Когда я объясняю Симону и Фариду, что это не кто иной, как человек, забравший Диего в больницу после того, как его избили камнями, они оба принимаются убеждать меня в том, что я должен пойти и поговорить с ним. Мы идем молча, медленно, чтобы Симон смог поспеть за нами на своих костылях. Все, что осталось теперь от избиения, это понимающие глаза христиан: подозрительные, будто разграничивающие свои владения, говорящие о том, что мы не такие как они. Как будто мы этого не знаем. Они принимаются перешептываться и отводить глаза, словно мы — живые мертвецы. Как будто мы и этого не знаем.

В косой утренней тени, отбрасываемой двумя колокольными башнями-близнецами собора, Фарид показывает мне, что нас кто-то преследует.

— От самого дома, — жестикулирует он. — И он северянин. Но пока не оборачивайся.

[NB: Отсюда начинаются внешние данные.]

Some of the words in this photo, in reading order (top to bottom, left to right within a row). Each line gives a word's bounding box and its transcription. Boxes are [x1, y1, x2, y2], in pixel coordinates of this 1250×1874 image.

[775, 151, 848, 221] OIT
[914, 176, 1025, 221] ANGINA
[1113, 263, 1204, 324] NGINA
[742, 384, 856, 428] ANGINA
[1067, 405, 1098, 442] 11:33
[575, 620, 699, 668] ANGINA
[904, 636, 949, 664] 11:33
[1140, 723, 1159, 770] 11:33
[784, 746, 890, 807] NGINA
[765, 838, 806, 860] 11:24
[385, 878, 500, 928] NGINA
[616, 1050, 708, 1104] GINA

Мы ускоряем шаг, спускаясь мимо церкви Святой Магдалены к Маленькому Иерусалиму. Здесь мы не столько идем, сколько лавируем между высохшими кучами дерьма, оставленного на улицах христианами. По камням мостовой вьются и исчезают бурые полосы — кровавые следы тел евреев, влекомых в костер. Вокруг носятся мухи, норовя забиться в нос и глаза. Но все мои мысли сосредоточены на идущем за нами северянине. Словно нас связал воедино невидимый шнур, тянущий меня назад. Возле старого здания школы я решаюсь оглянуться. Наш преследователь большими шагами минует тележку с вяленой рыбой. Это тот самый светловолосый великан, которого я видел возле дома Диего, в этом нет сомнения.

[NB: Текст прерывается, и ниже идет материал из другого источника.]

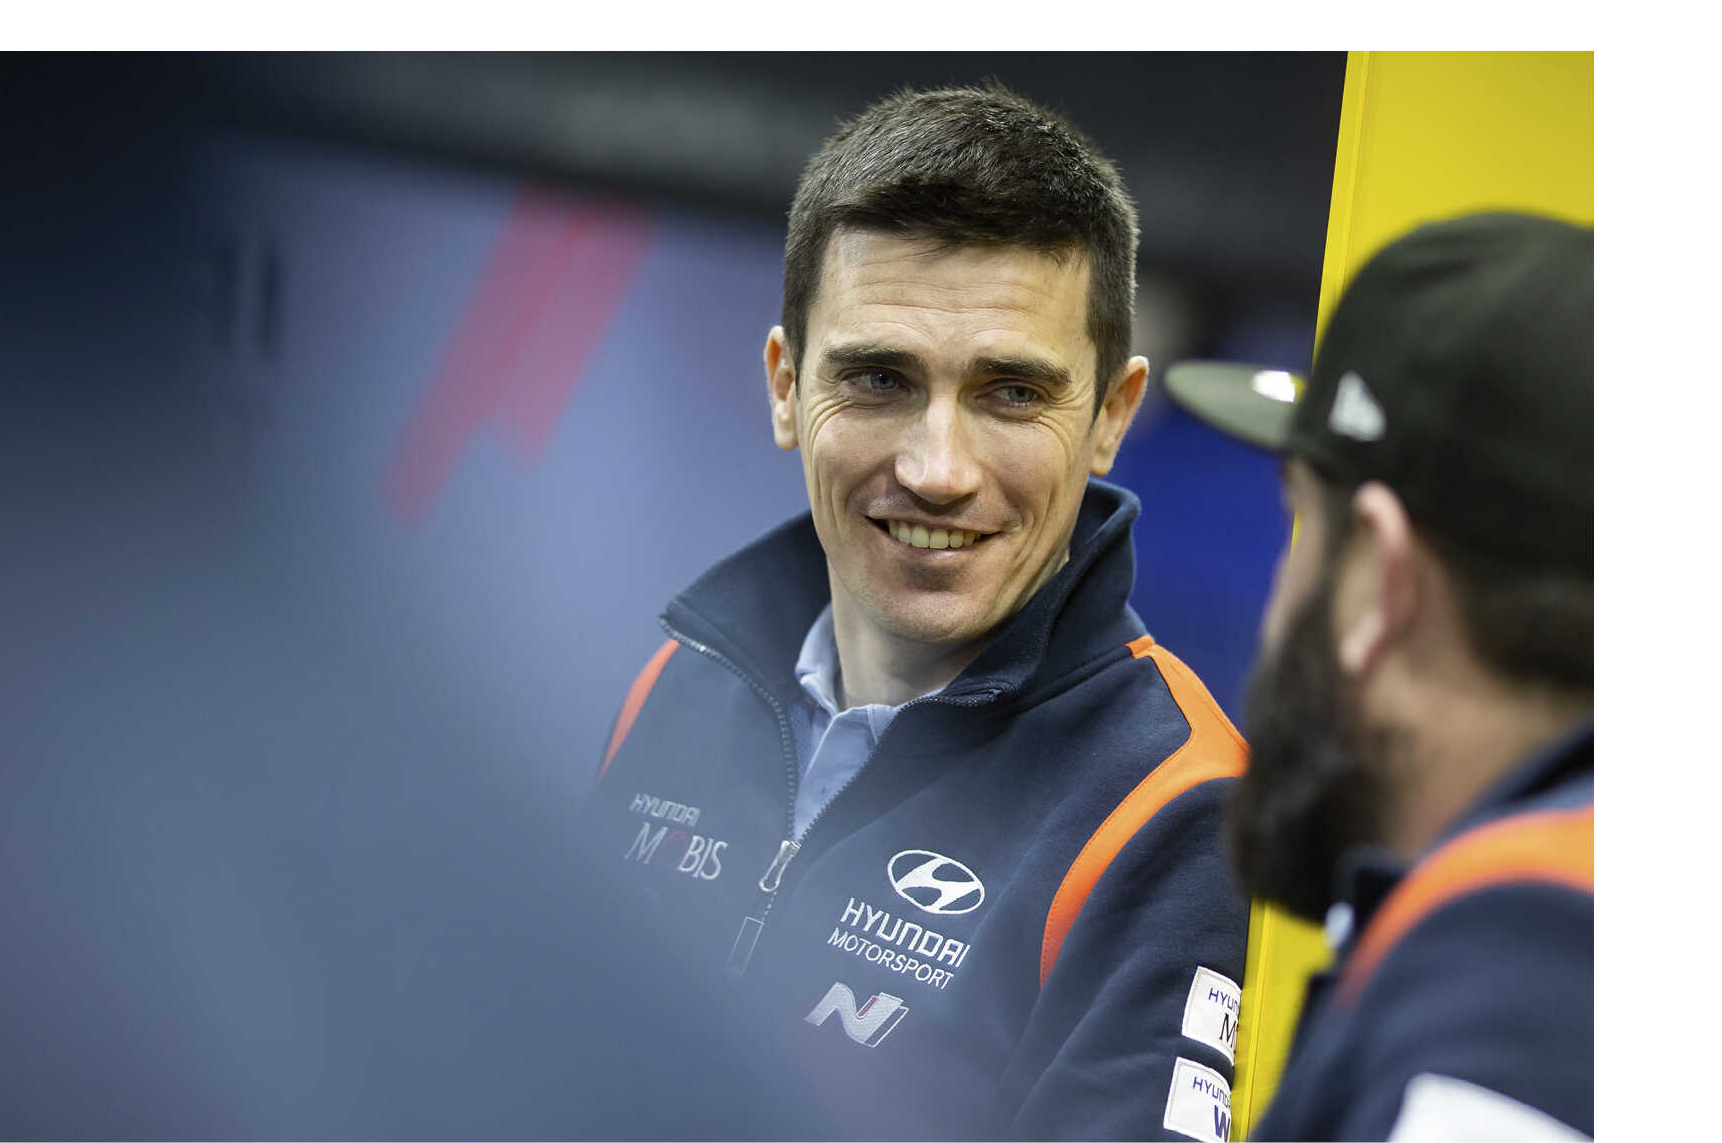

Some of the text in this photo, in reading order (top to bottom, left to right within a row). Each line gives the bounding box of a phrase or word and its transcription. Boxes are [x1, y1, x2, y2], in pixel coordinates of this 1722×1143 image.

[629, 792, 702, 829] HYUNDAI
[623, 821, 729, 881] MOBIS
[840, 897, 971, 968] HYUNDAI
[827, 927, 955, 990] MOTORSPORT
[1208, 987, 1240, 1014] HYUN
[1218, 1012, 1239, 1049] M
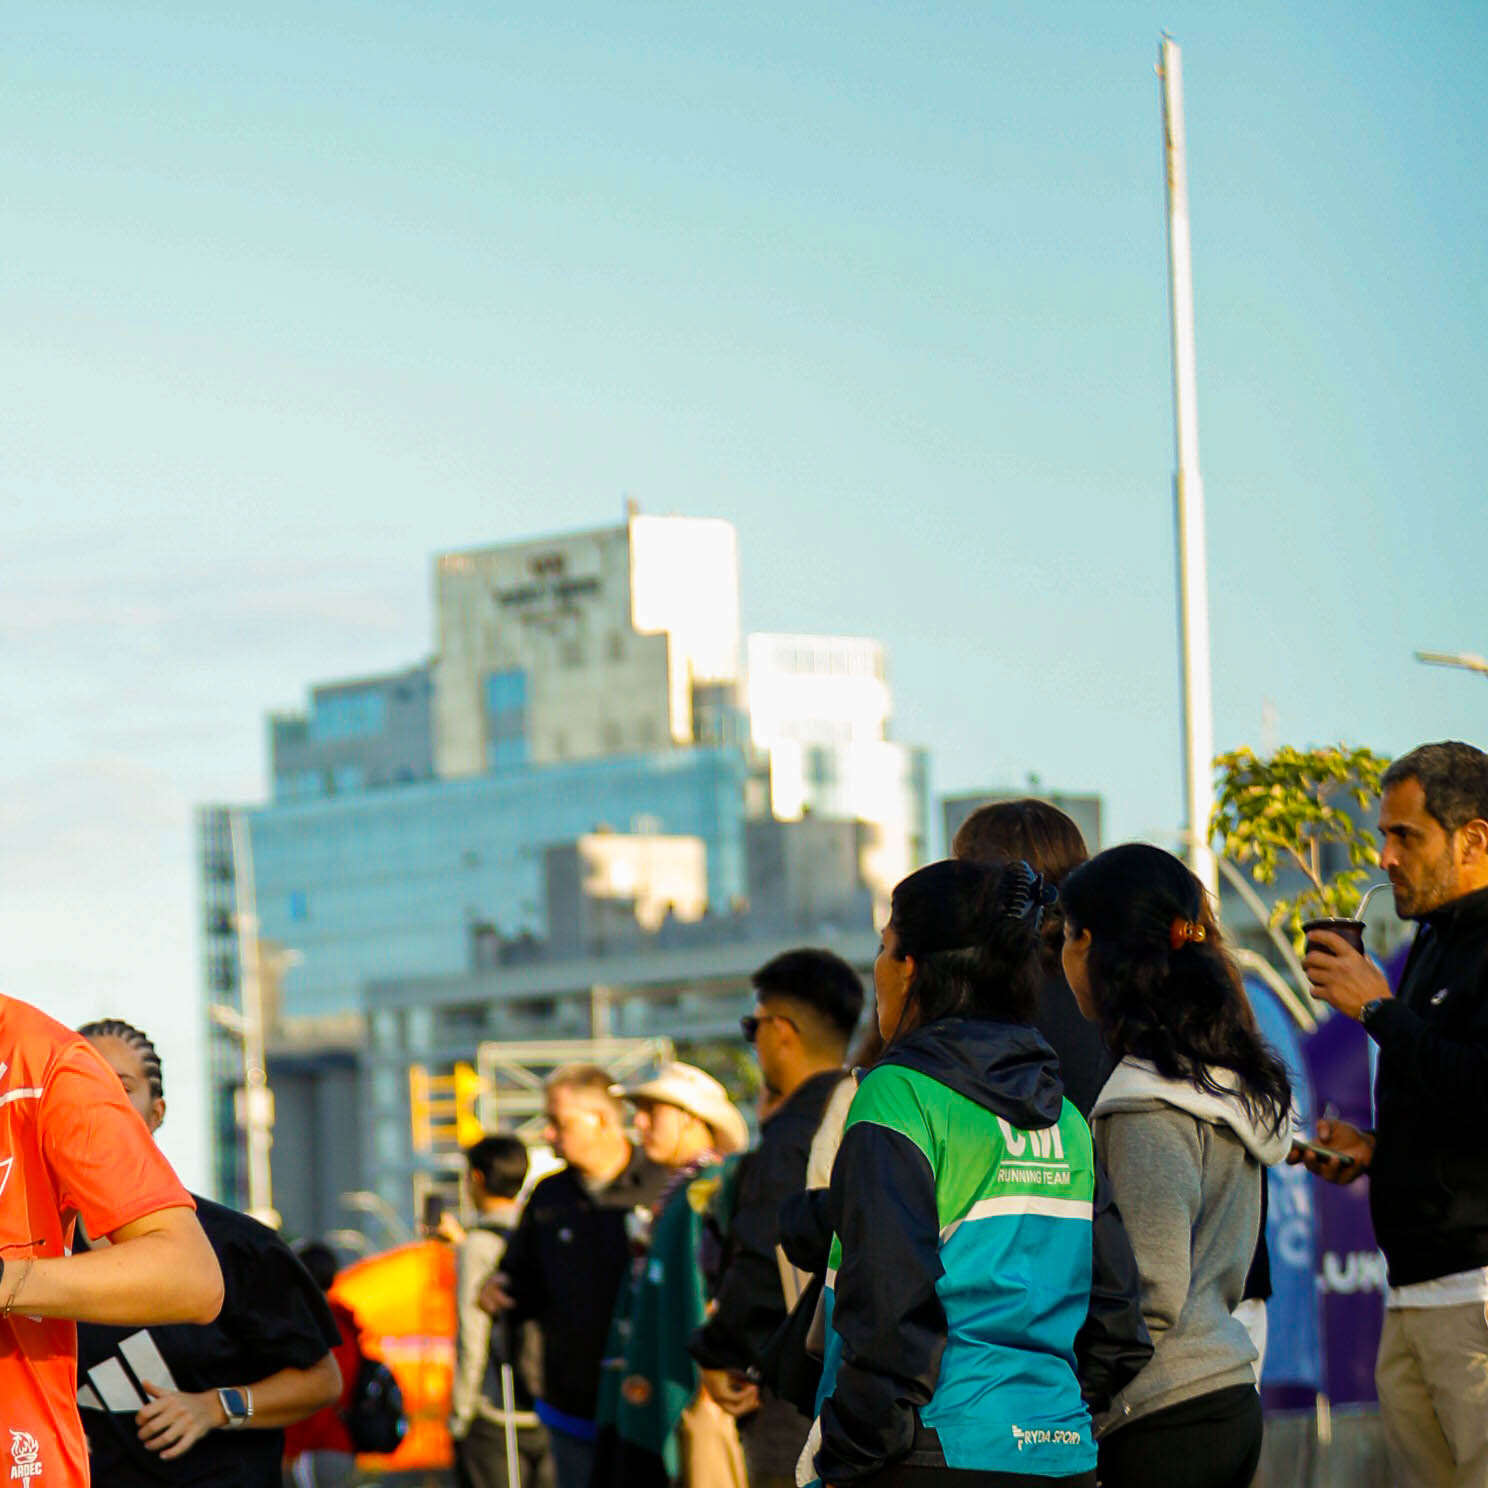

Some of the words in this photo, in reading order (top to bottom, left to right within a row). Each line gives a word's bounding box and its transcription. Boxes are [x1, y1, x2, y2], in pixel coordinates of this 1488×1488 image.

[997, 1168, 1042, 1184] RUNNING
[1043, 1171, 1071, 1185] TEAM
[11, 1462, 43, 1480] ARDEC

Неужели он и есть Белый Маймон с Двумя Пастями — из-за светлой кожи?

Я беру Симона под руку и сообщаю ему о нашей северной тени.

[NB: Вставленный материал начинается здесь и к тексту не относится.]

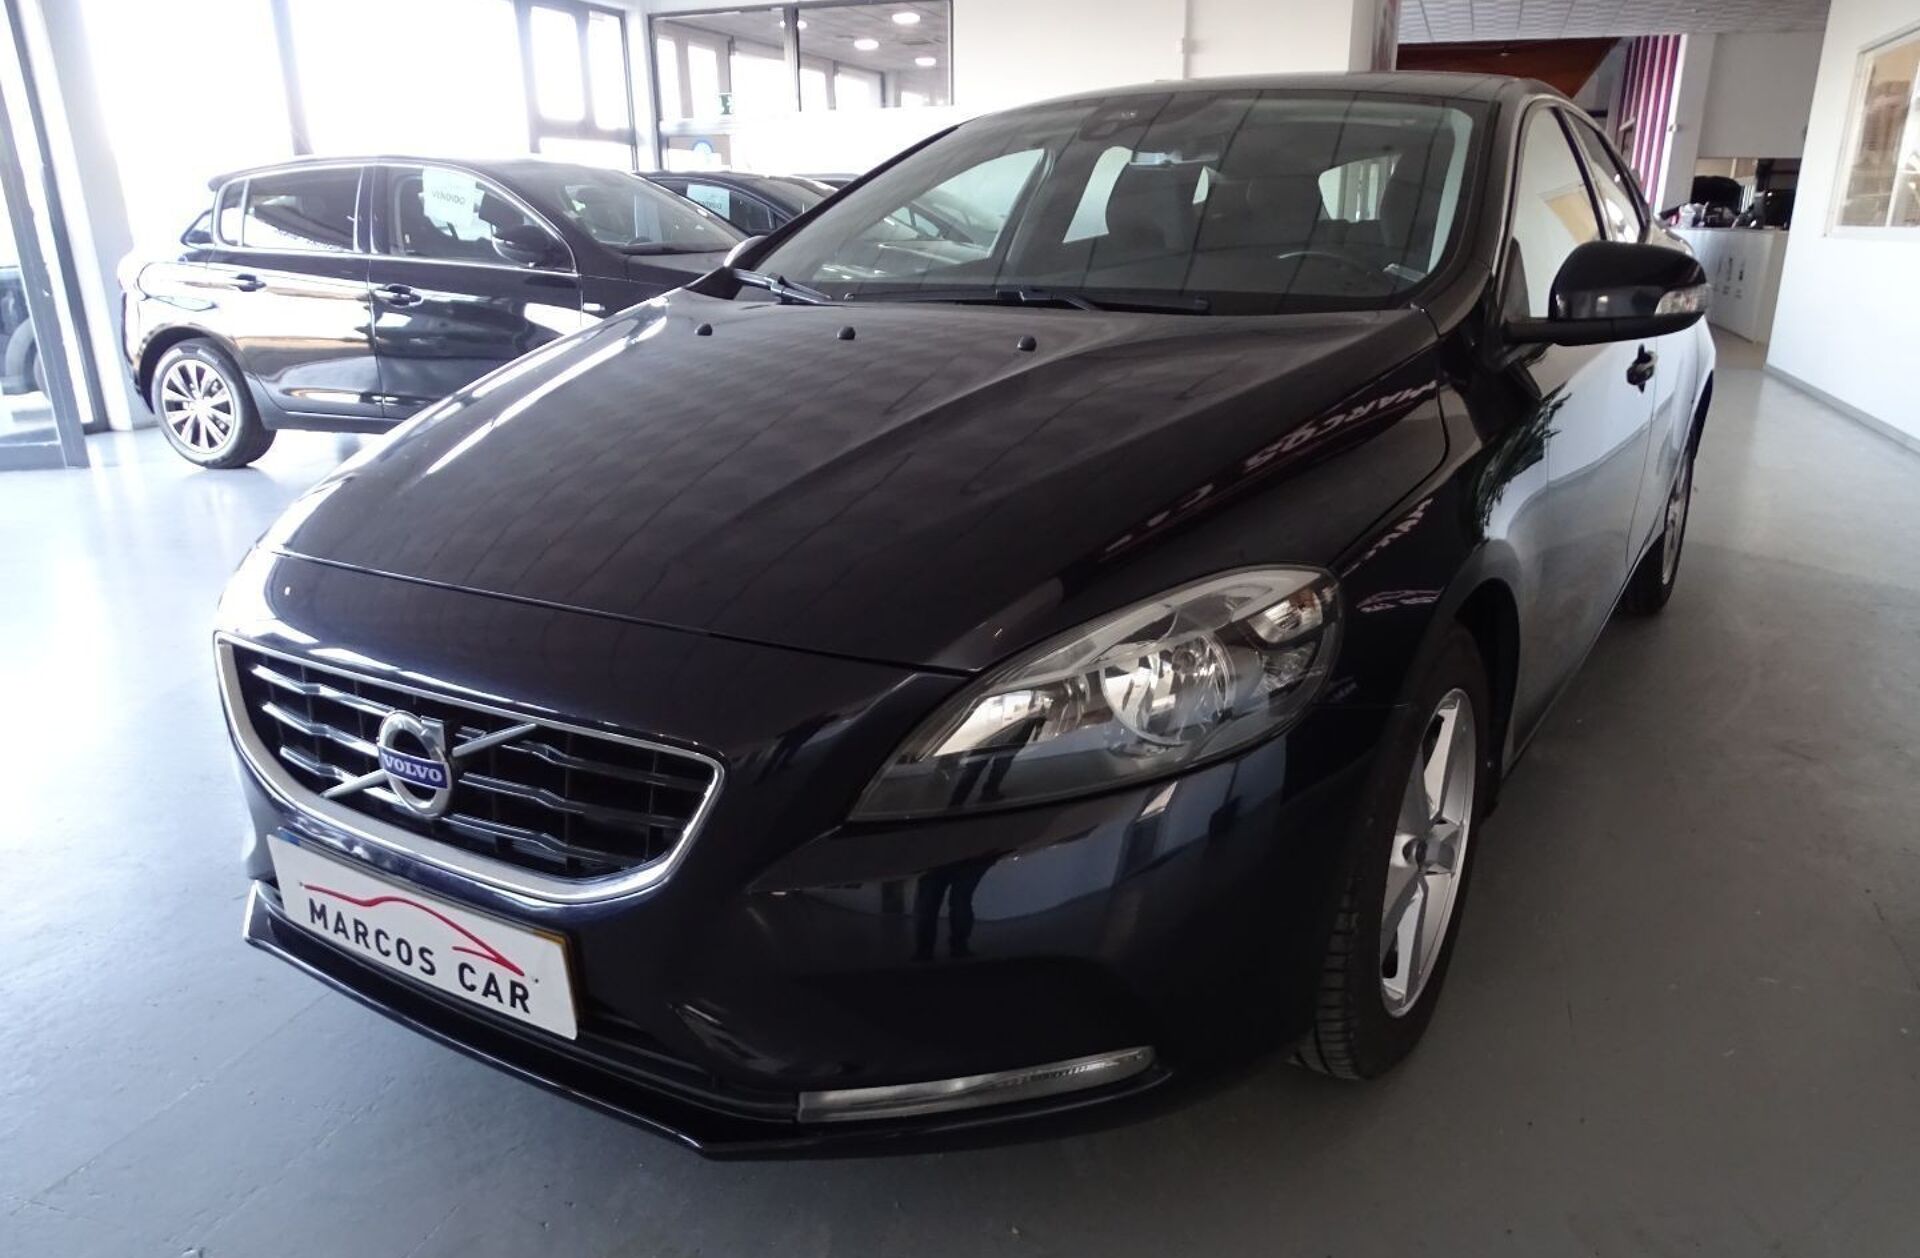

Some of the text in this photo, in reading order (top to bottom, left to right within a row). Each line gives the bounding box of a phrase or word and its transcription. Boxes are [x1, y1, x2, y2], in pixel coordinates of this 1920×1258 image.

[381, 752, 443, 782] VOLVO
[308, 897, 531, 1015] MARCOS CAR

— Он, скорее всего, охотится за мной, — замечаю я. — Из-за чего-то, что я знаю о дяде… о заговоре об убийстве. Вы должны отделиться от меня.

Симон согласно улыбается: он больше не станет бороться с судьбой. Но Фарид показывает:

— Может быть, стоит с ним сразиться? Трое на одного.

Я киваю на костыли Симона:

— Плохая идея. В одиночку я смогу от него оторваться на аллеях Маленького Иерусалима. Он не здешний. Он потеряется там. Встретимся возле дворца Эстош. Ждите меня.

Они согласно кивают и продолжают свой путь в сторону Россио. Я поворачиваюсь лицом к нашему шпиону, чтобы убедиться, что он меня видит, а потом сворачиваю возле кружевной лавки к зданию, раньше бывшему еврейской больницей. Единым прыжком я скрываюсь из виду в мраморной дверной раме постоялого двора Двух Братьев. Отсюда я продолжаю спускаться по боковой аллее обратно к Rua da Ferraria, улице Кузнецов.

Вжавшись в дверной проем, я наблюдаю за несколькими кремовыми бабочками, трепещущими крыльями, набросившимися на свежие конские яблоки.

Внезапно на перекрестке впереди останавливается северянин. Он снимает шляпу и смотрит на меня. У него высокие, крупные скулы и хитрые глаза. Он проводит рукой по прядям жирных волос и возвращает шляпу на место. Но его первые шаги направлены в иную сторону: он идет прочь от меня следом за Фаридом и Симоном.

Осознание собственной ошибки заставляет мои внутренности судорожно сжаться. Я крадусь следом с осторожностью кошки, но северянин оглядывается через плечо прямо в мою сторону, словно обладает даром провидения. Он решительно смотрит на меня и бросается бежать. Я бегу следом. Шляпа падает у него с головы. В его кулаке что-то тускло поблескивает, когда он вытаскивает руку из-под плаща. Фарид тоже почувствовал опасность. В сотне пейсов вверх по улице он неистово размахивает руками, пытаясь что-то объяснить Симону. Они бегут к северным воротам Маленького Иерусалима сквозь неровную тень куполов церкви Святого Николая. Ковыляющая походка Симона неуклюжая, безнадежная.

— Симон, беги! — ору я.

Но это невозможно. Он оборачивается, роняя костыль. Я смотрю на все это словно сквозь загустевшее до состояния меда время: его рот открывается, северянин стремительно бросается к нему. Его последняя опора отлетает в сторону, тело обрушивается на стену. Фарид встает над ним на колени, за спиной светловолосого убийцы, бегущего прочь, взлетает плащ.